R.I.P. Keiji Nakazawa – creator Barefoot Gen

Mon, Jan 7, 2013

Comics and cartoons

 

Keiji Nakazawa, creator of Barefoot Gen, died on December 19th 2012 from lung cancer. And there’s been little coverage I’ve seen over this side of the Atlantic. I should have caught this way earlier, and can but apologise for not covering it before Christmas.

Blame Christmas. Blame illness. Blame me missing the reports in my feed reader. I finally saw something when The Comics Journal ran this extensive piece.

Nakazawa’s most famous creations were the autobiog Manga ‘I Saw It’ and the 10 volume Barefoot Gen series. ‘I Saw It’ was a short but powerful comic showing the horror of Nakazawa surviving the Hiroshima nuclear bombing of 1945. ‘Barefoot Gen’ saw the author fictionalise and expand upon his experiences using young Gen to explore both the events of the bombing and the terrible aftermath that would affect the author for a lifetime.

Barefoot Gen’s position among comic history is pivotal, sitting alongside Spiegelman’s Maus as a work that bookshops and journalists could hold up and champion.
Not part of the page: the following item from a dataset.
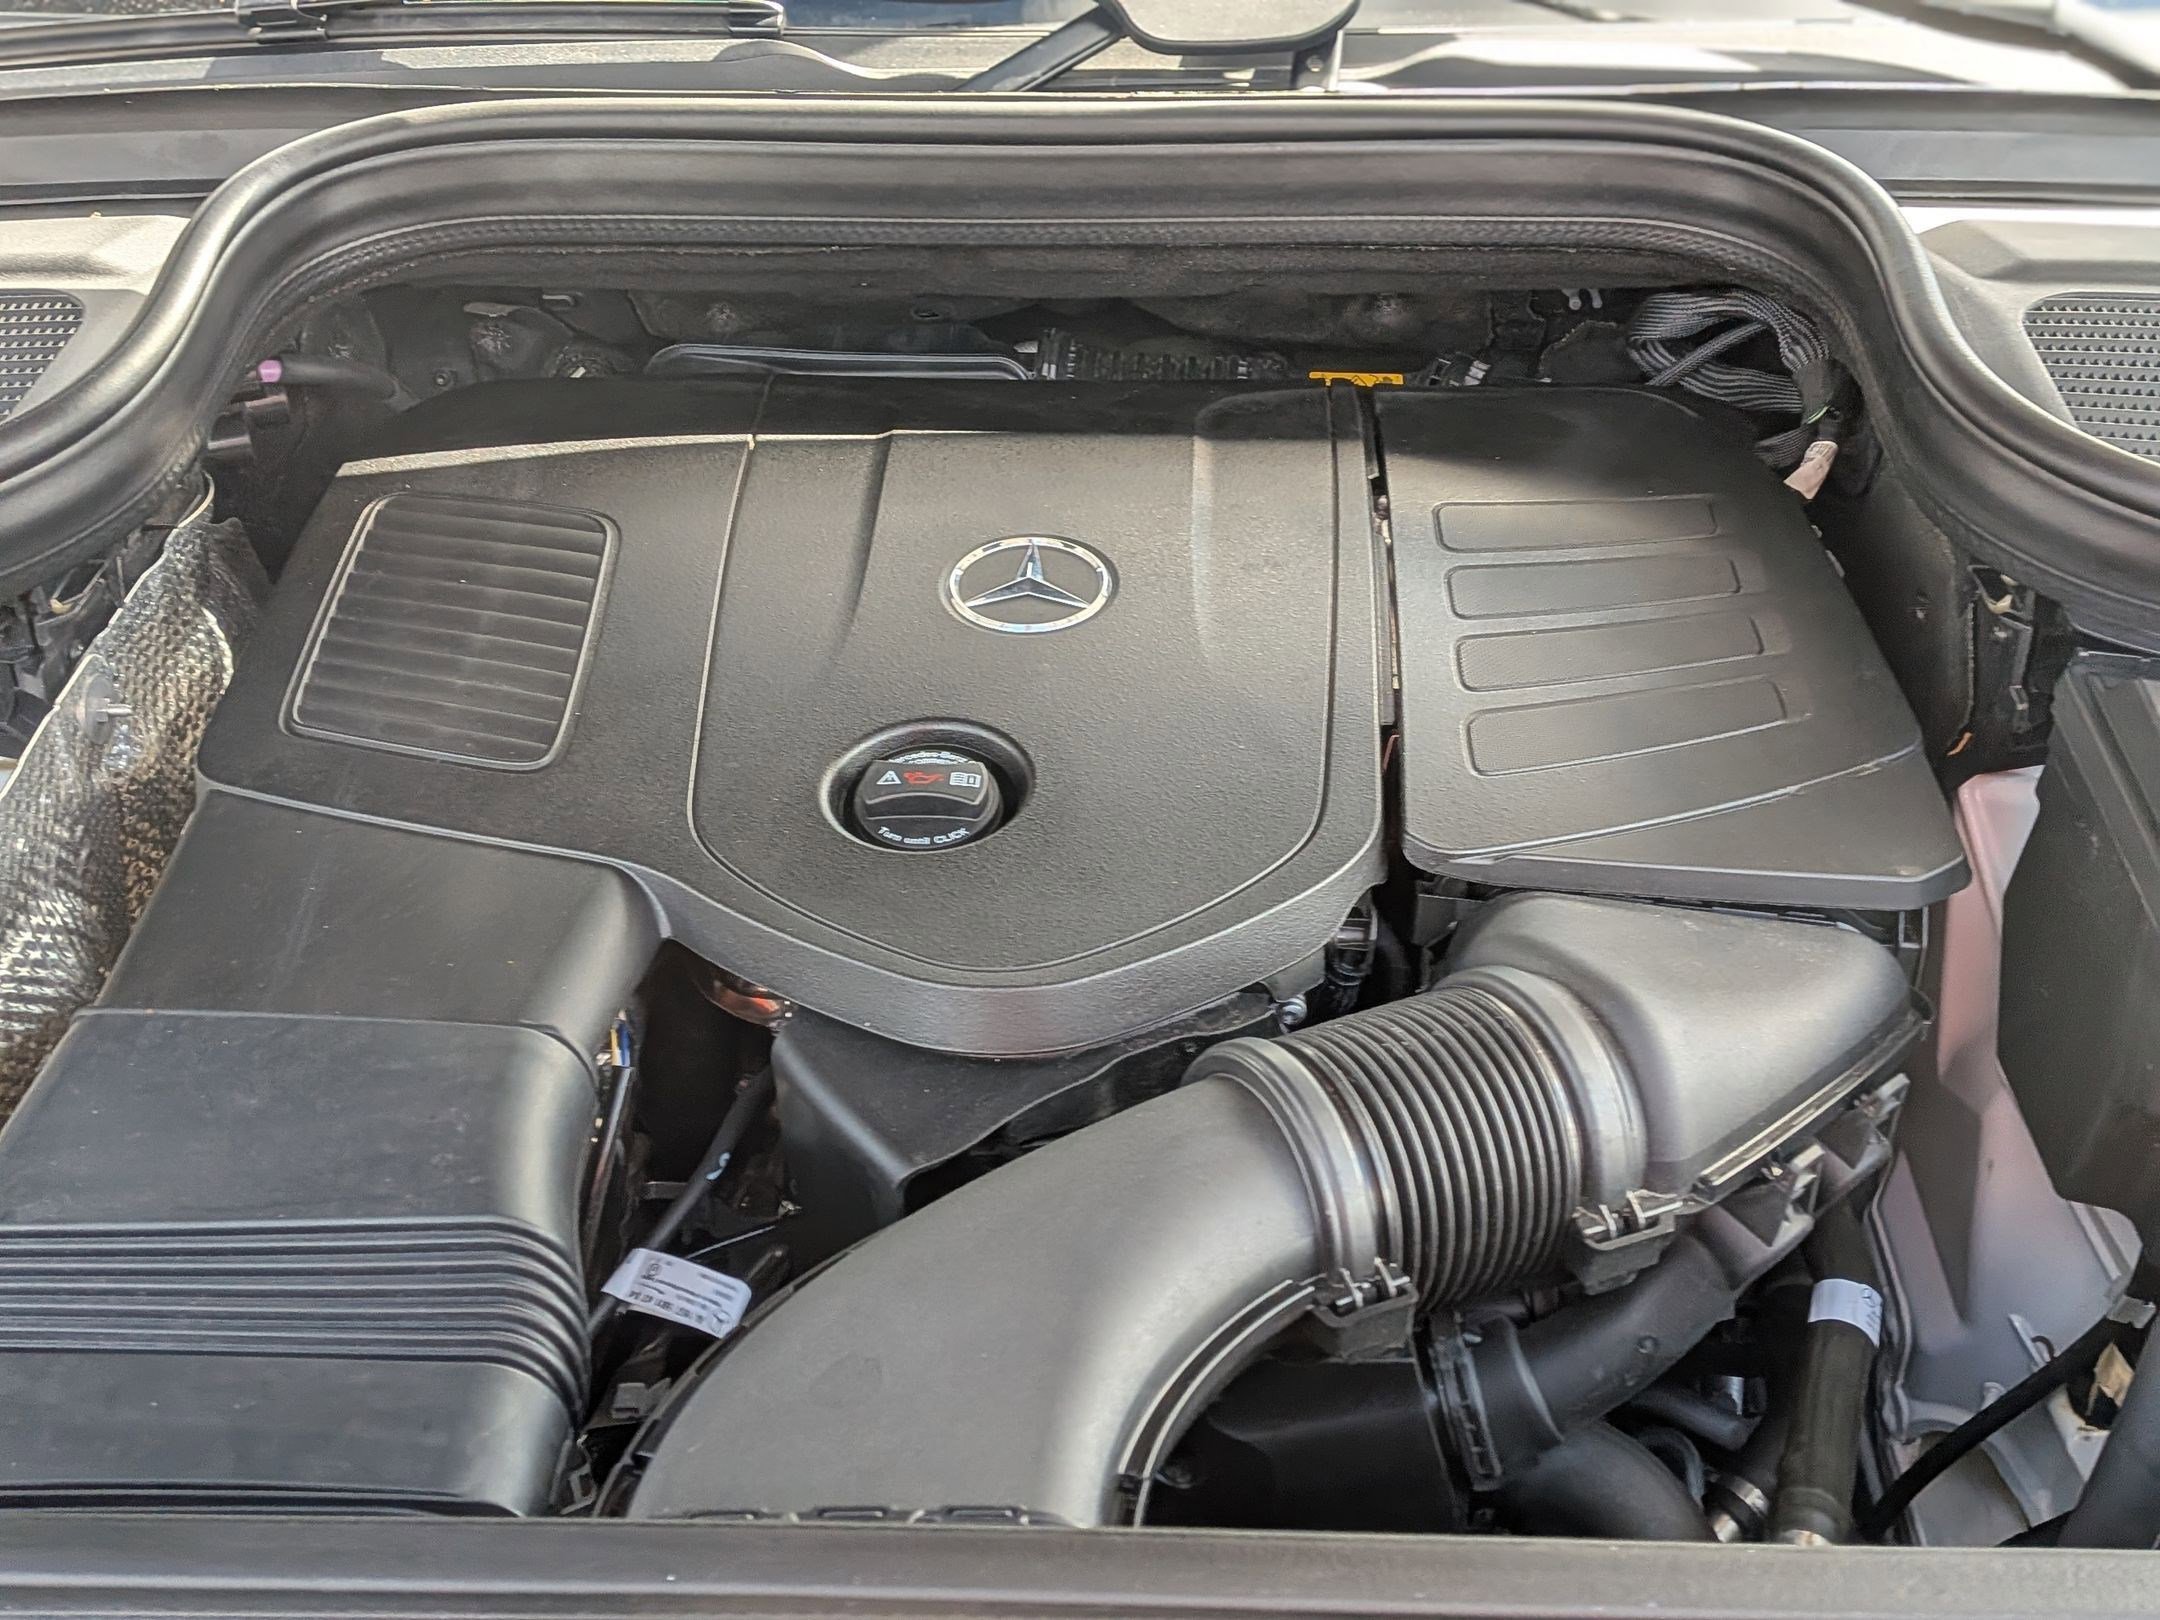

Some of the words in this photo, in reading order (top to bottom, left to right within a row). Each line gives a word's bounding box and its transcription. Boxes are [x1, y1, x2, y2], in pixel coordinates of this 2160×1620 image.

And in many ways, we’re only now seeing the full implications of this recognition, as journos and bookstores fall over themselves to celebrate the Graphic Novel. But the foundations for these discoveries, these award winners were laid many years ago, and Barefoot Gen was one of the first. I can remember reading it for the first time in my late teens, when it was released in the UK through Penguin. And it was memorable, chilling, disturbing, perfect alongside Raymond Briggs’ When The Wind Blows to hammer home the anti-nuclear message.

Another great, another inspiration for so many gone.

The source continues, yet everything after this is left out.